How agricultural research can navigate the perfect storm
The Water-Energy-Food Nexus Blog Series
Delivering water, energy and food for all in a sustainable and equitable way is a major challenge faced by society. The water-energy-food nexus concept aims to address this by better understanding how interactions between water, energy and food are shaped by environmental, economic, social and political changes and how the synergies and trade-offs among them can be better planned and managed. The Water-Energy-Food Nexus Knowledge-Action Network is a network of people and organisations which fosters transdisciplinary research and communicates the importance of holistic system approaches across water, energy and food systems.

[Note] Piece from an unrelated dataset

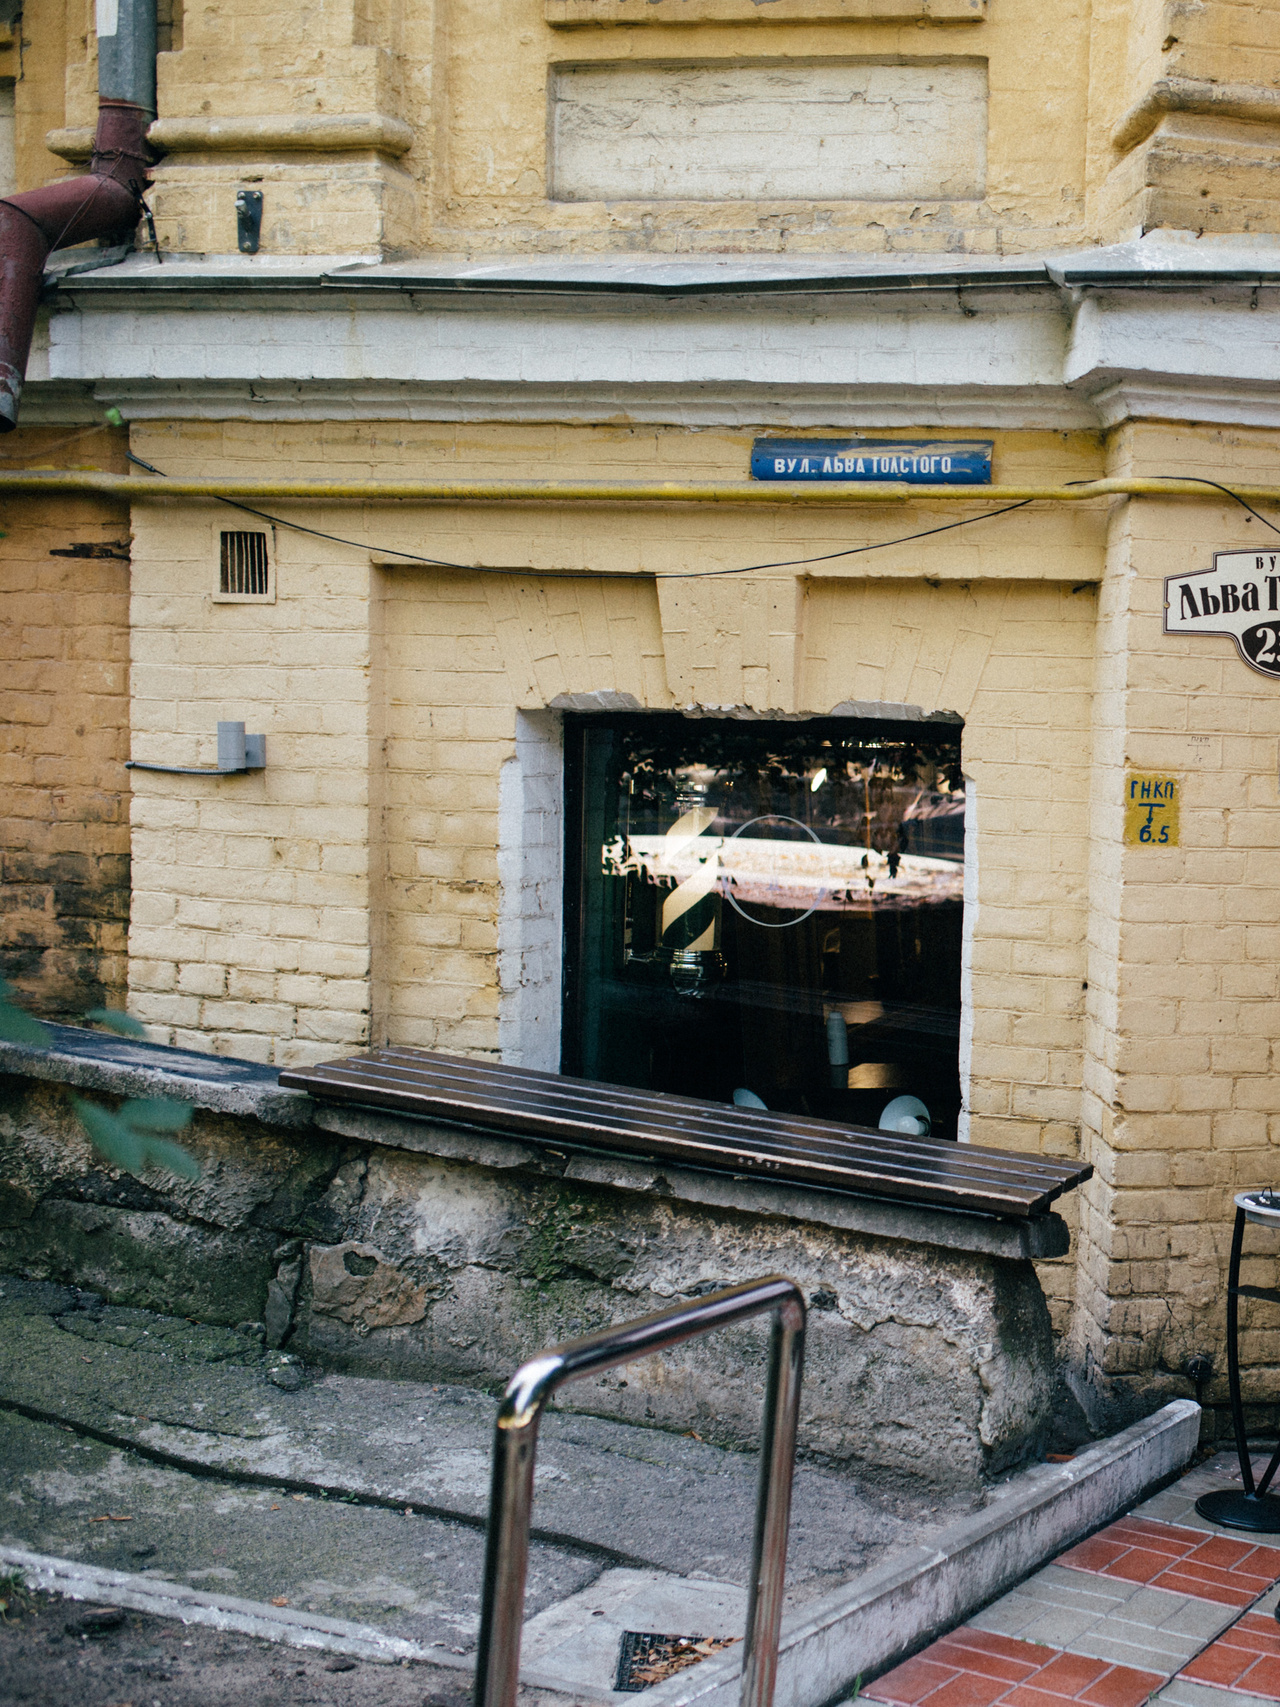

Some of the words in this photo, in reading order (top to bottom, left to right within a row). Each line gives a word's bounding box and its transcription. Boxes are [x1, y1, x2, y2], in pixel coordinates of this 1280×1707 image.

[774, 457, 816, 474] ВУЛ.
[822, 457, 866, 474] ЛЬВА
[872, 456, 952, 474] ТОЛСТОГО
[1178, 582, 1260, 621] Льва

Acknowledging that the nexus concept is often described as overly academic and not practical on the ground, the Water-Energy-Food Nexus Knowledge-Action Network is organising this blog series to illustrate the role of the nexus concept in addressing local and national challenges of sustainable and equitable access to resources. Understanding the perceptions and entry points with which local and national stakeholders can engage with the nexus concept is key to further implementing nexus approaches, especially in the Global South.
Learn more about the Future Earth Water-Energy-Food Nexus Knowledge-Action Network.

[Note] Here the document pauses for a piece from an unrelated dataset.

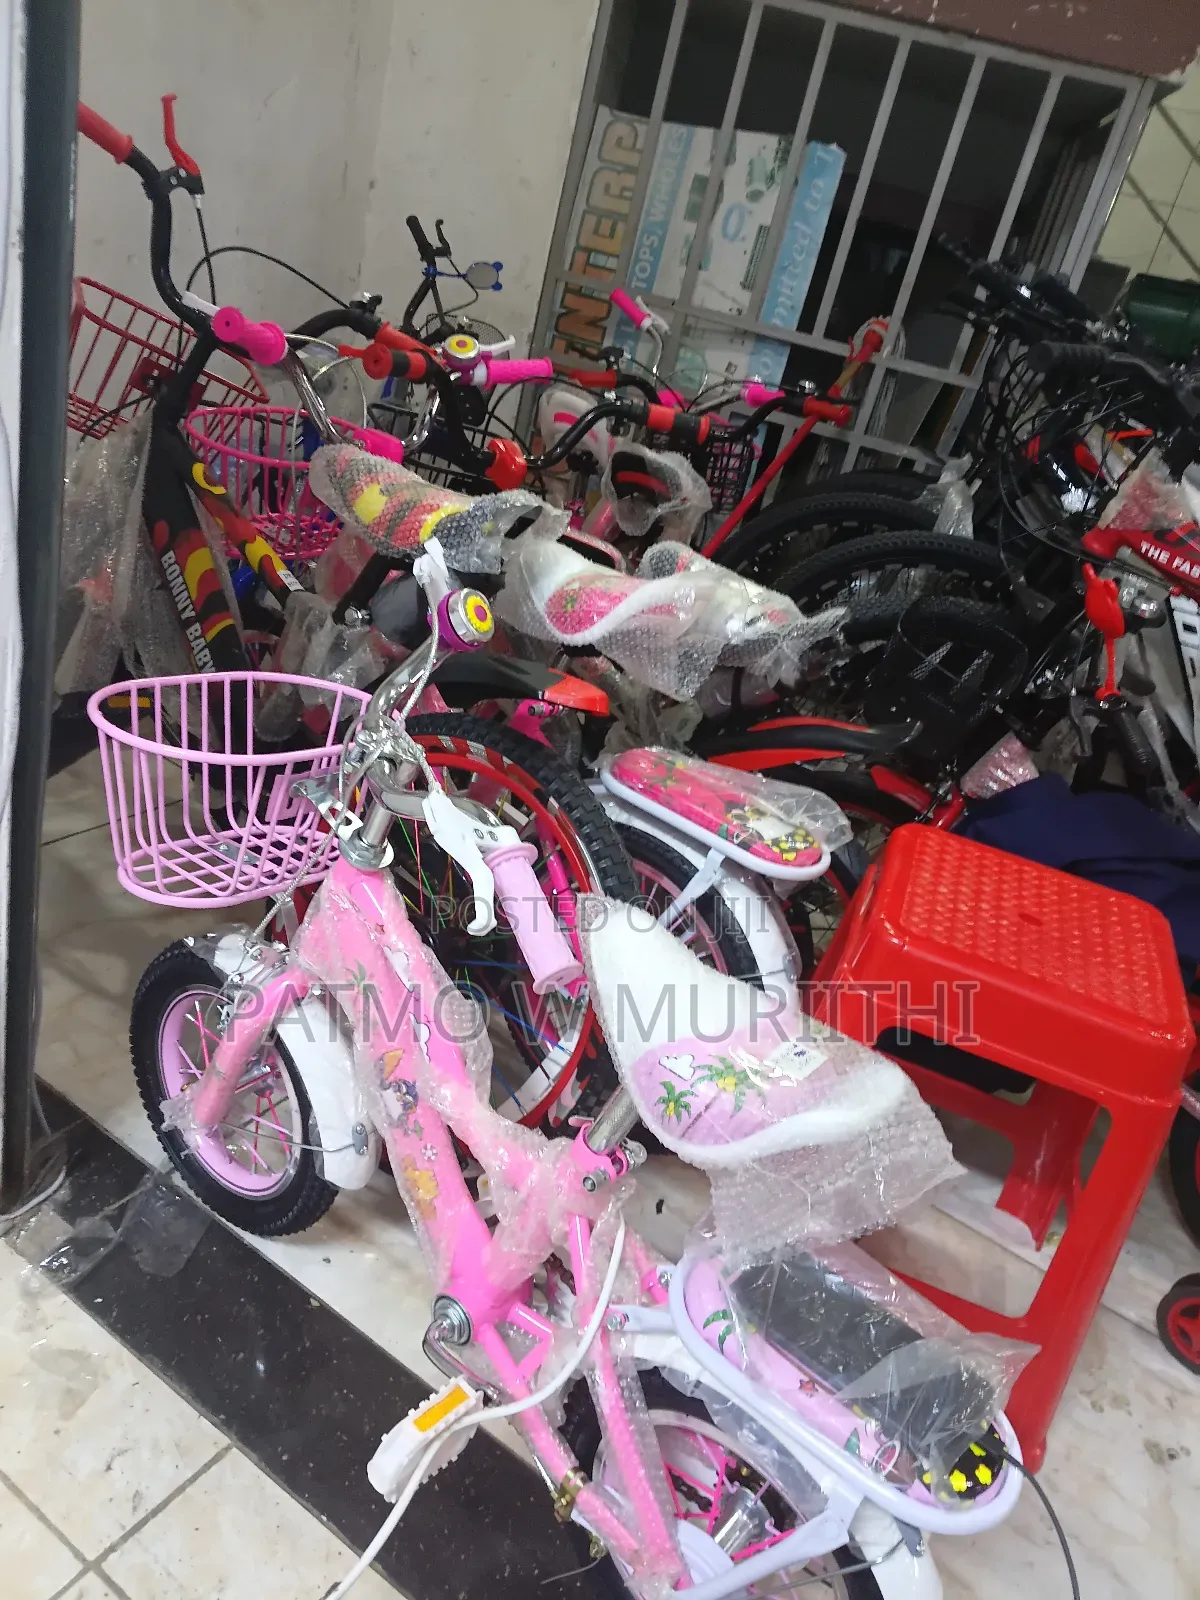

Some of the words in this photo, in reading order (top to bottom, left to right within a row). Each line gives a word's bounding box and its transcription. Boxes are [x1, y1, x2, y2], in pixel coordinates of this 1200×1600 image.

[1140, 540, 1171, 565] THE
[160, 549, 197, 621] BONNY
[185, 621, 217, 673] BABY

How agricultural research can navigate the perfect storm
By Adam Hunt, Izabella Koziell and Claudia Ringler
The world is about to face the perfect storm. Population growth, rising incomes and urbanization mean growing demand for food, energy and resources. At the same time, we harm our ability to meet those needs by degrading our water, biodiversity and soils. Meanwhile, climate change and social inequality intensify all of these challenges, leading to a downward spiral of choices that worsen degradation and pollution. This confluence of challenges presents serious risks to global food and nutrition security.
Regrettably, in our efforts to tackle this complexity, we rarely find traction at the scales needed. Solutions need to work across scales: from farm to national to global. But also across sectors: food, water, energy and others. We are, after all, on a global campaign to meet our Sustainable Development Goals (SDGs), most of which are intertwined with food. Thus, more researchers are considering entire systems. The Water-Energy-Food (WEF) Nexus is one such approach, helping ensure researchers move beyond silos and understand that actions in any one area usually impact other sectors.

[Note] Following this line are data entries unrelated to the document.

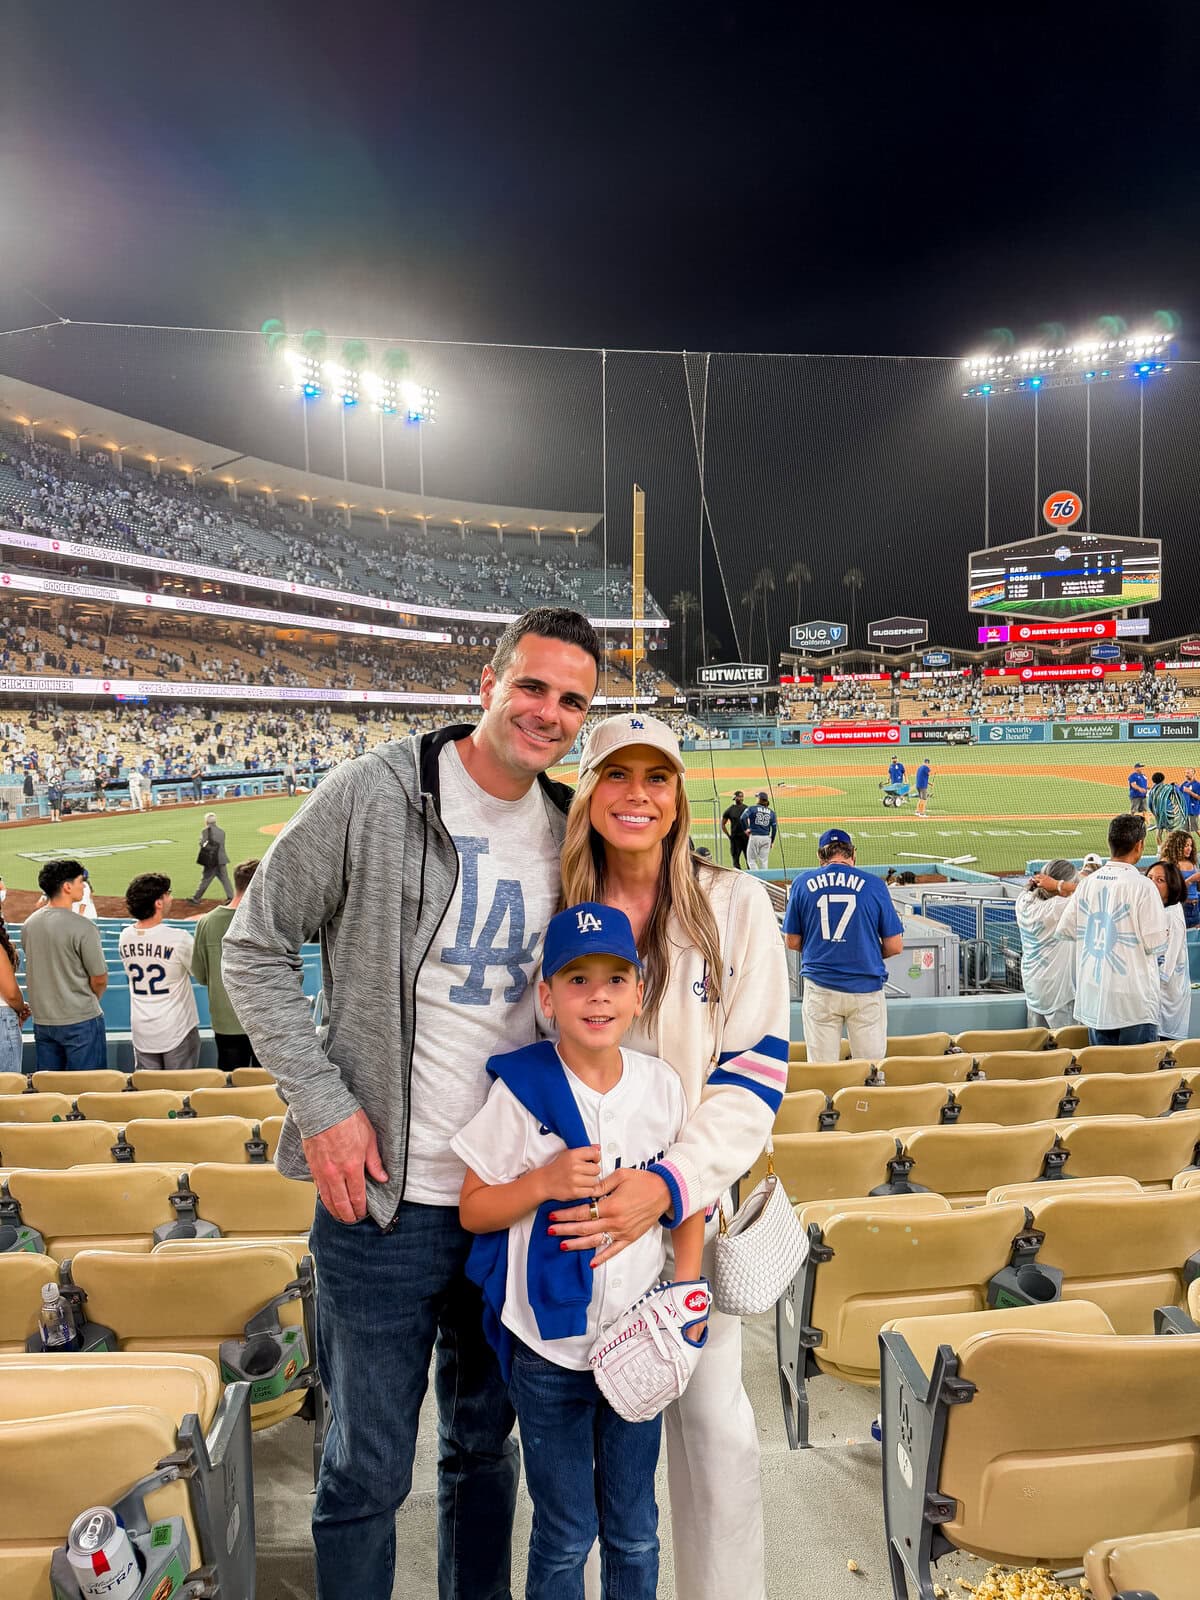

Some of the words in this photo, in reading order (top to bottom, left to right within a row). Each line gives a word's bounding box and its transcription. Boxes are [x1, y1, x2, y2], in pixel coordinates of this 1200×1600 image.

[1051, 499, 1074, 518] 76
[1009, 574, 1042, 582] DODGERS
[796, 628, 827, 640] blue
[873, 628, 923, 637] GUGGENHEIM
[702, 668, 763, 682] CUTWATER
[630, 719, 645, 729] LA
[1005, 726, 1033, 734] Security
[1163, 726, 1193, 735] Health
[806, 872, 866, 893] OHTANI
[440, 835, 542, 1006] LA
[576, 910, 602, 934] LA
[816, 894, 857, 941] 17
[128, 963, 170, 995] 22

We are the authors of unintended consequences
Too often, meeting one need harms our ability to meet others. To date, agricultural research has delivered field level innovations: we develop new seeds or new irrigation or soil management techniques. But typically these include only partial assessments of systems or landscape level impacts. We see similar toxic errors in energy, water and other development projects where agriculture is deprioritized – and ultimately degraded.
Consider India, where advances in groundwater pumping technology and government subsidies helped farmers meet short-term irrigation needs, but dangerously depleted groundwater levels. Or large hydropower dams: they may quench our thirst for energy, but often harm food production and fish populations – and hence vulnerable communities.
A Nexus approach helps manage such tradeoffs. One potential success is solar irrigation. Solar pumps can replace greenhouse gas emitting diesel pumps. But low operating expenses risk over-pumping, depleting groundwater. To avoid this, the CGIAR Research Program on Water, Land and Ecosystems (WLE) and partners supported Indian farmers to form cooperatives to sell excess energy back to the grid. This prevented over-pumping, while shoring up farmer income. The scheme is now set to scale up in Gujarat, while researchers are also strengthening groundwater governance through simulation games in Indian villages.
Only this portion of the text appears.